胚胎裂解液说明书
产品编号：BTN130806
规格：1ml
产品及特点：
胚胎裂解液用于将卵裂球（blastomere，含2-8个细胞）分离成单个胚胎的溶液，得到的单个细胞如果用于DNA 分析（如全基因组扩增或PCR），则可直接用于单细胞裂解（DNA型）裂解，如果用于RNA 分析（如RT-PCR），则可直接用于单细胞裂解（RNA型）裂解。本产品不能用于胚囊（blastocyst，含70-100个细胞）。
格及成分：

成分	规格
胚胎裂解液	1ml
说明书	1份

保存条件：
低温运输，4℃保存，有效期一年。
自备试剂：
PBS溶液。
使用方法：
如何制备单个细胞取决于实验样品和实验者所拥有的仪器设备，此处所列步骤仅针对培养细胞、实体组织、淋巴细胞和卵裂球（2-8 细胞胚胎）等材料，对其他材料（如干细胞克隆、胚囊、胚胎组织等），用户需自行选用合适的方法制备单细胞。对已经处于单细胞悬浮状态的细胞（如FACS 分离细胞、卵细胞等），则可以跳过制备过程而直接进入单细胞裂解步骤：
一、准备单细胞裂解工作液：
1. 裂解一个细胞需要2.5 μL 裂解液工作液。根据所要裂解的细胞数准备足够的裂解液工作液。工作液的制备方法是将等体积的溶液A 和溶液B 混合即得。

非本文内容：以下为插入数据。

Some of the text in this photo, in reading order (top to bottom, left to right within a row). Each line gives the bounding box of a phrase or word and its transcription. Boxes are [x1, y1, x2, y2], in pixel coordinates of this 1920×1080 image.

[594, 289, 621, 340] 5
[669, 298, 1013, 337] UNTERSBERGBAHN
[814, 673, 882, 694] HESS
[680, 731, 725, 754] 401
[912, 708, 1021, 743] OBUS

2. 在每个200 μL PCR 管中加入2.5 μL 新鲜制备的单细胞裂解液工作液，放置在冰上待用。
二、用培养细胞或实体组织制备单细胞：
3. 按常规胰酶方法处理培养细胞或组织，将细胞重悬于自备的液体细胞培养基中。
4. 按常规方法对细胞进行计数。
5. 转移 100-4000 个细胞到新离心管中，400 g 离心4 分钟沉淀细胞，小心弃上清（培养基）。
6. 将细胞沉淀重悬于50 μL 自备的PBS 溶液中，使其终浓度为2-80 个细胞/μL。

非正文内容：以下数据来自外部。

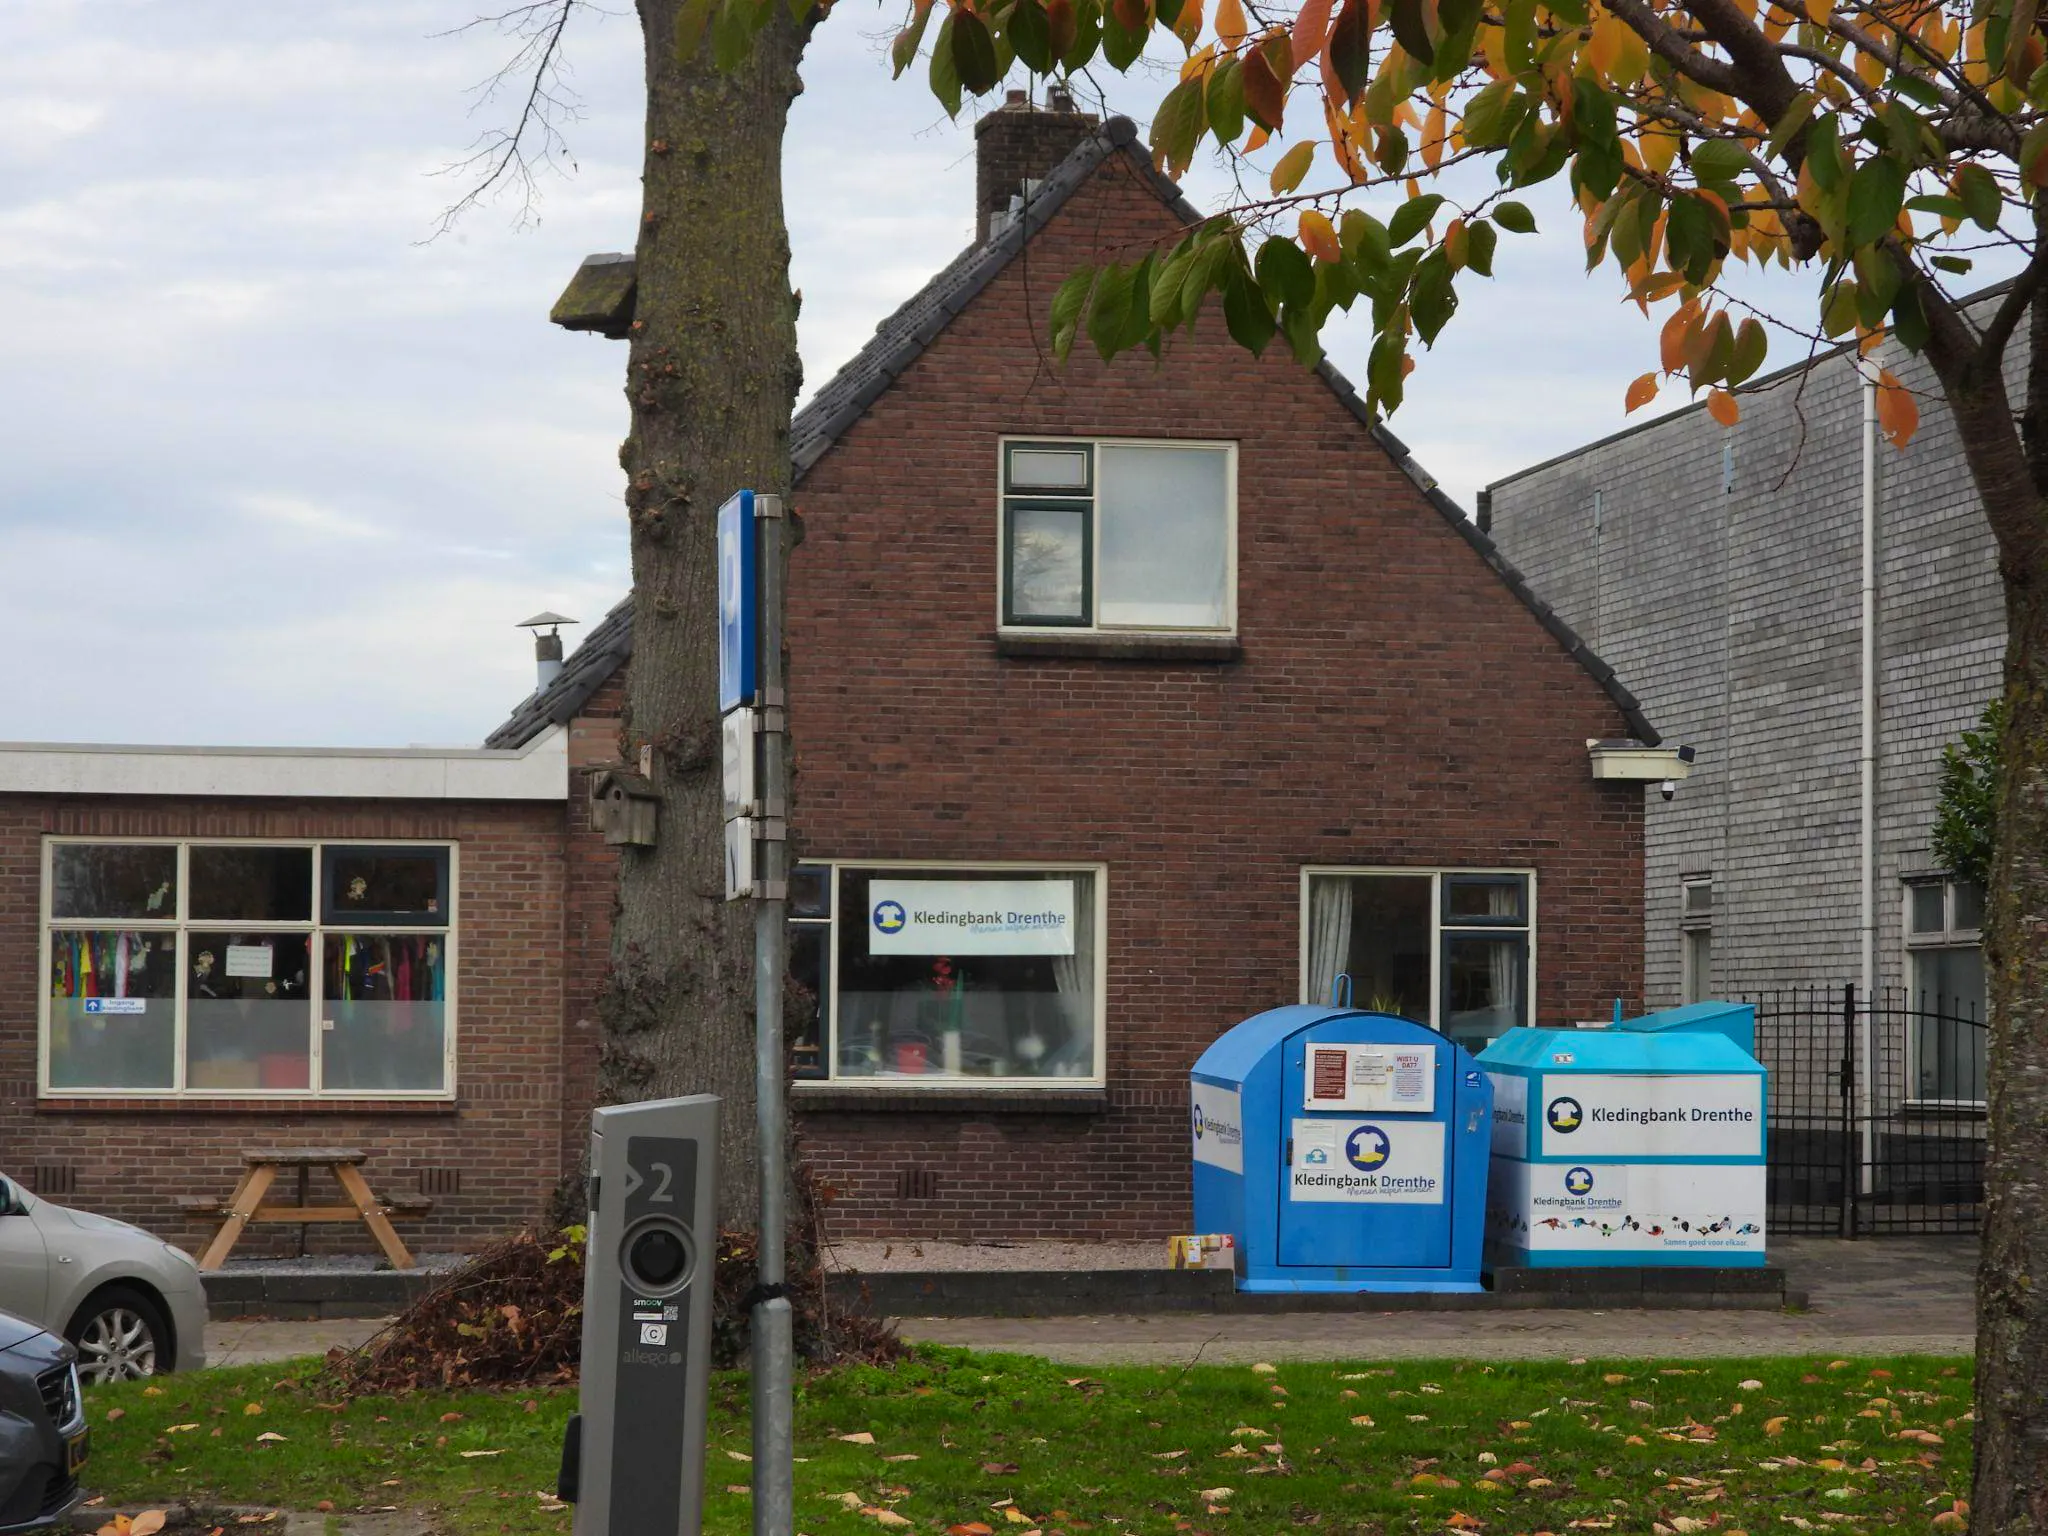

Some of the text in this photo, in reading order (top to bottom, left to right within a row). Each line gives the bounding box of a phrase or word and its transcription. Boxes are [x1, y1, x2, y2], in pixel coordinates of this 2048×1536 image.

7. 在干净培养皿上点加数个5 μL PBS 溶液小液滴，加入5 μL 细胞悬浮液到第一个小液滴中，然后再从第一个小液滴中转移5 μL 到第二个小液滴，如此系
列稀释样品数次，使得其浓度接近每2.5 μL 液体中含1 个细胞，放冰上待用。
三、用卵裂球（blastomere，2-8 细胞胚胎）制备单个细胞：
8. 在培养皿中点数个含5 μL 胚胎裂解液（BTN130806）的小液滴。
9. 显微镜下用微量注射液加入一个卵裂球到一个胚胎裂解液小液滴中。
10. 转移几次到后面的几个液滴中以便将带入的培养基稀释掉。
11. 在最有一个液滴中，卵裂球的几个细胞将彼此分开成单个细胞。
12. 取单个细胞，转移到数个含5 μL PBS 溶液的小液滴中洗涤掉胚胎裂解液。

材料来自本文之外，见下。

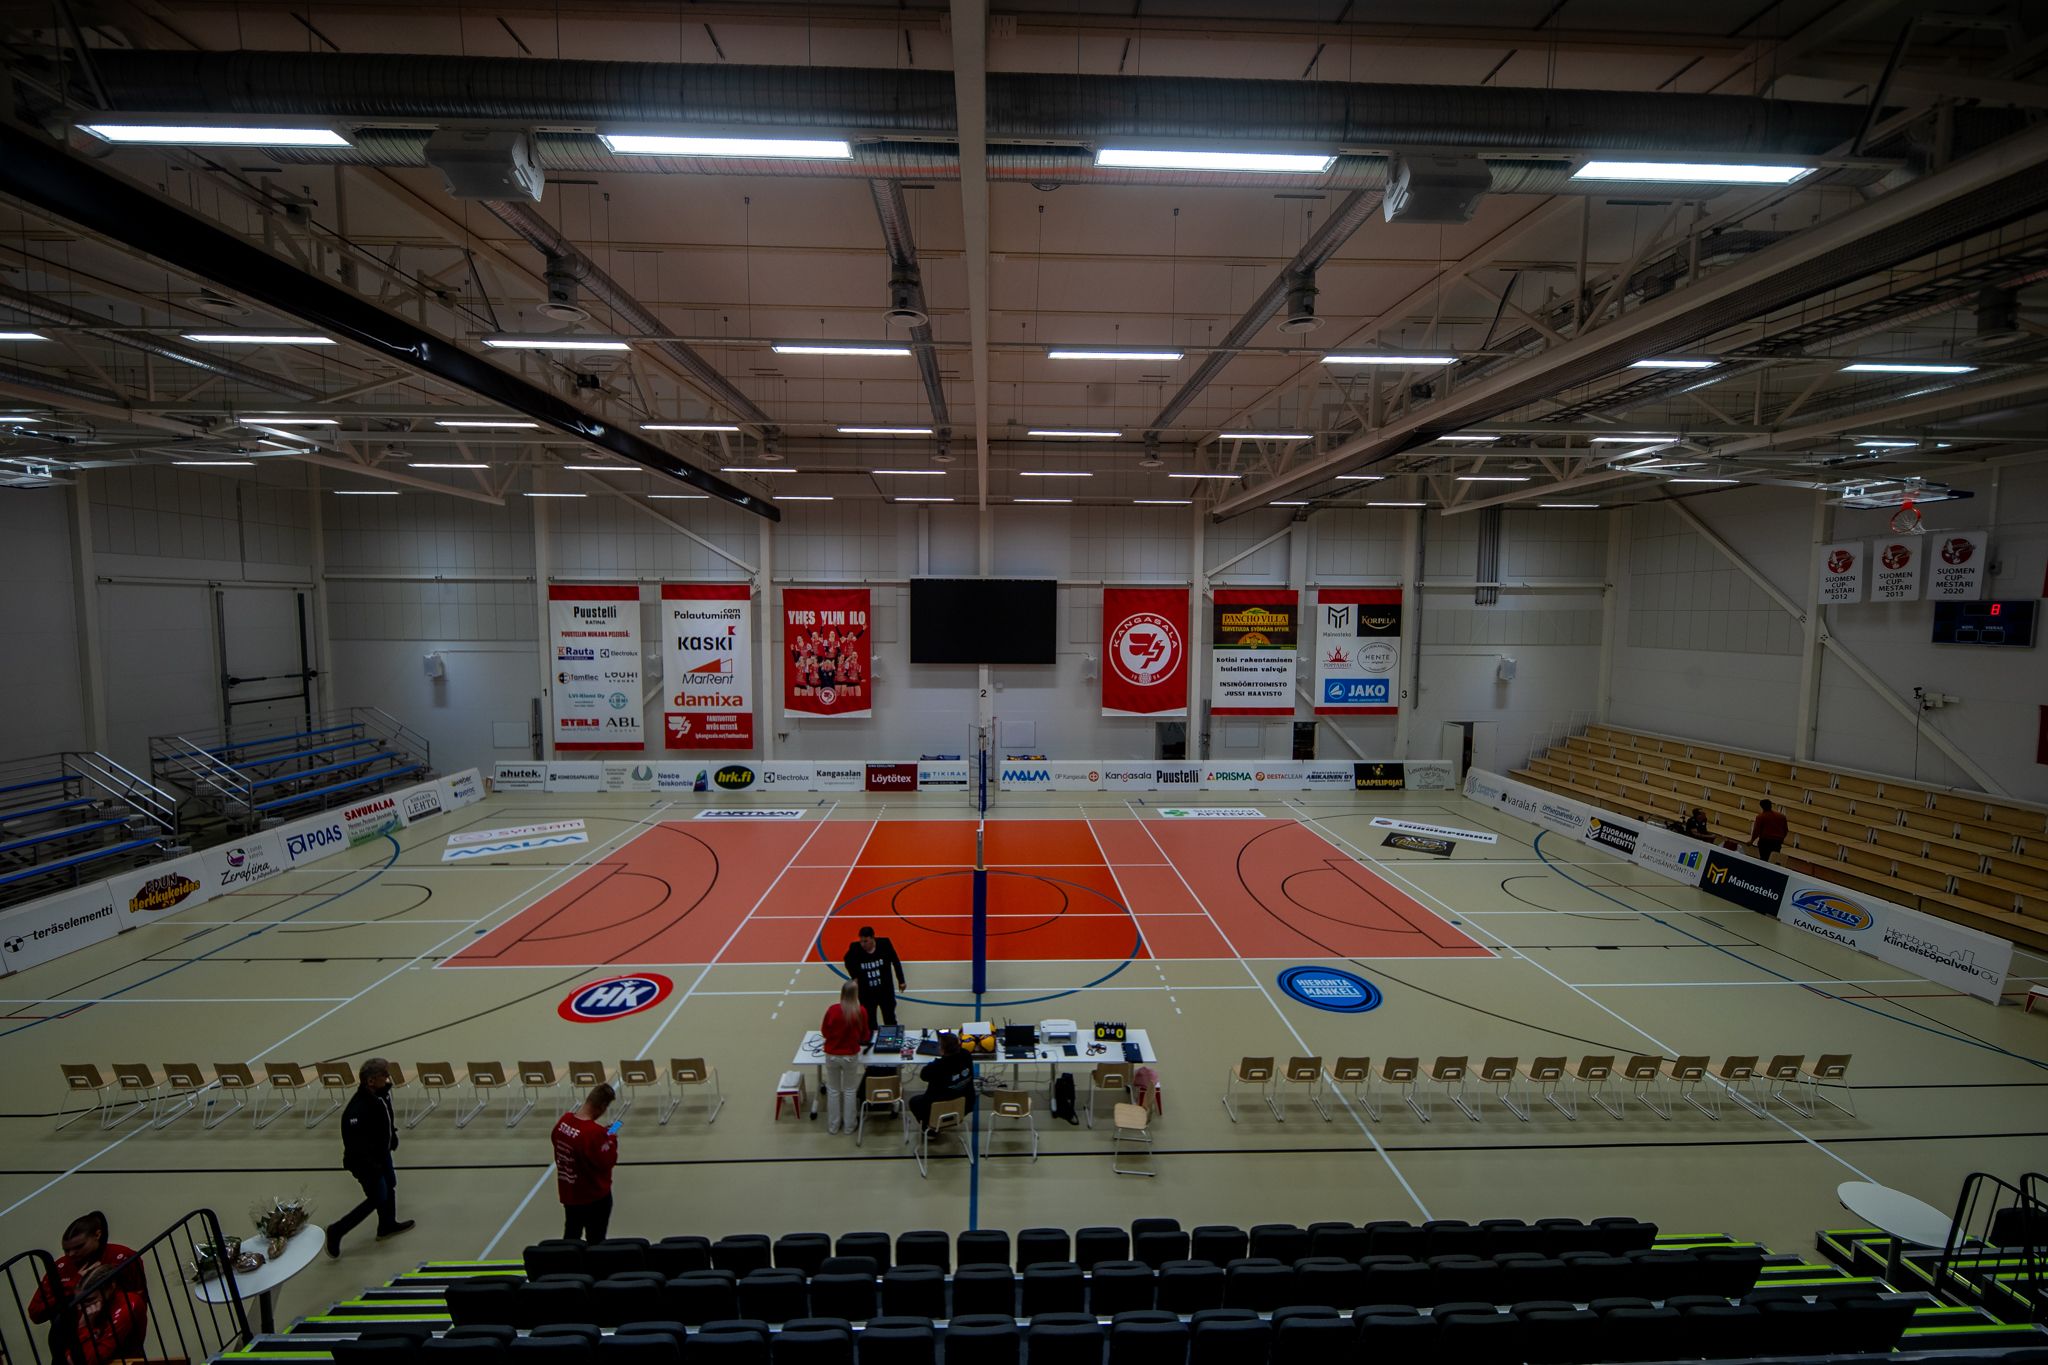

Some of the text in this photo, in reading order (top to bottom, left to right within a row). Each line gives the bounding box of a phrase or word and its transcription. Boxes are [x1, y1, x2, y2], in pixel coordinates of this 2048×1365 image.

[1879, 572, 1913, 580] SUOMEN
[1937, 567, 1975, 575] SUOMEN
[1878, 584, 1912, 592] MESTARI
[573, 605, 617, 618] Puustelli
[674, 610, 741, 620] Palautuminen
[1991, 603, 2001, 616] 8
[849, 611, 866, 625] ILO
[1223, 615, 1287, 623] PANCHO VILLA
[1113, 616, 1179, 649] KANGASALA
[566, 647, 594, 656] Rauta
[605, 671, 639, 679] LOUHI
[682, 673, 734, 685] MarRent
[981, 689, 987, 697] 2
[1347, 685, 1386, 697] JAKO
[1401, 690, 1408, 699] 3
[674, 692, 744, 706] damixa
[606, 717, 641, 728] ABL
[718, 769, 752, 784] hrk.fi
[816, 769, 862, 779] Kangasalan
[872, 773, 912, 785] Löytötex
[1002, 770, 1050, 781] MALM
[1105, 771, 1152, 783] Kangasala
[1156, 769, 1199, 783] Puustelli
[1215, 771, 1253, 781] PRISMA
[344, 798, 396, 822] SAVUKALAA
[407, 797, 438, 815] LEHTO
[1507, 796, 1537, 813] varala.fi
[306, 825, 343, 850] POAS
[1600, 832, 1635, 851] ELEMENTTI
[1727, 874, 1780, 901] Mainosteko
[1792, 894, 1862, 927] Fixus
[33, 904, 114, 941] teräselementti
[1793, 918, 1857, 948] KANGASALA
[1883, 934, 1999, 986] Kiinteistöpalvelu Oy
[580, 985, 653, 1008] HK
[558, 1121, 581, 1139] STAFF

13. 在显微镜下用显微注射仪取只含一个细胞的2.5 μL 样品并转移到一个200μL 的PCR 管中待用。同时设置无样品的阴性对照（2.5 μL 样品中不含细胞）。
四、用单细胞裂解液裂解细胞
14. 在显微镜下用显微注射仪取2.5 μL 样品，确认含一个细胞后，将其转移到一个含2.5 μL 单细胞裂解液的PCR管中。最好同时设置无样品的阴性对照（2.5μL 样品中不含细胞）。
15. 在 2.5μL 样品中， 显微镜下细胞悬液可直接用于单细胞裂解反应。
16. 裂解后可以放冰上待用，如果长期不用，可以放-80℃保存。一般-80℃放置过30 分钟到一周时间的样品PCR 扩增效果最好。
五、单细胞裂解物的PCR 扩增
17. 细胞裂解物从-80℃中取出后，先在65℃中保温10 分钟，然后在放冰上放置待用。
18. 以上步得到的细胞裂解物为模板。按常规方法进行PCR。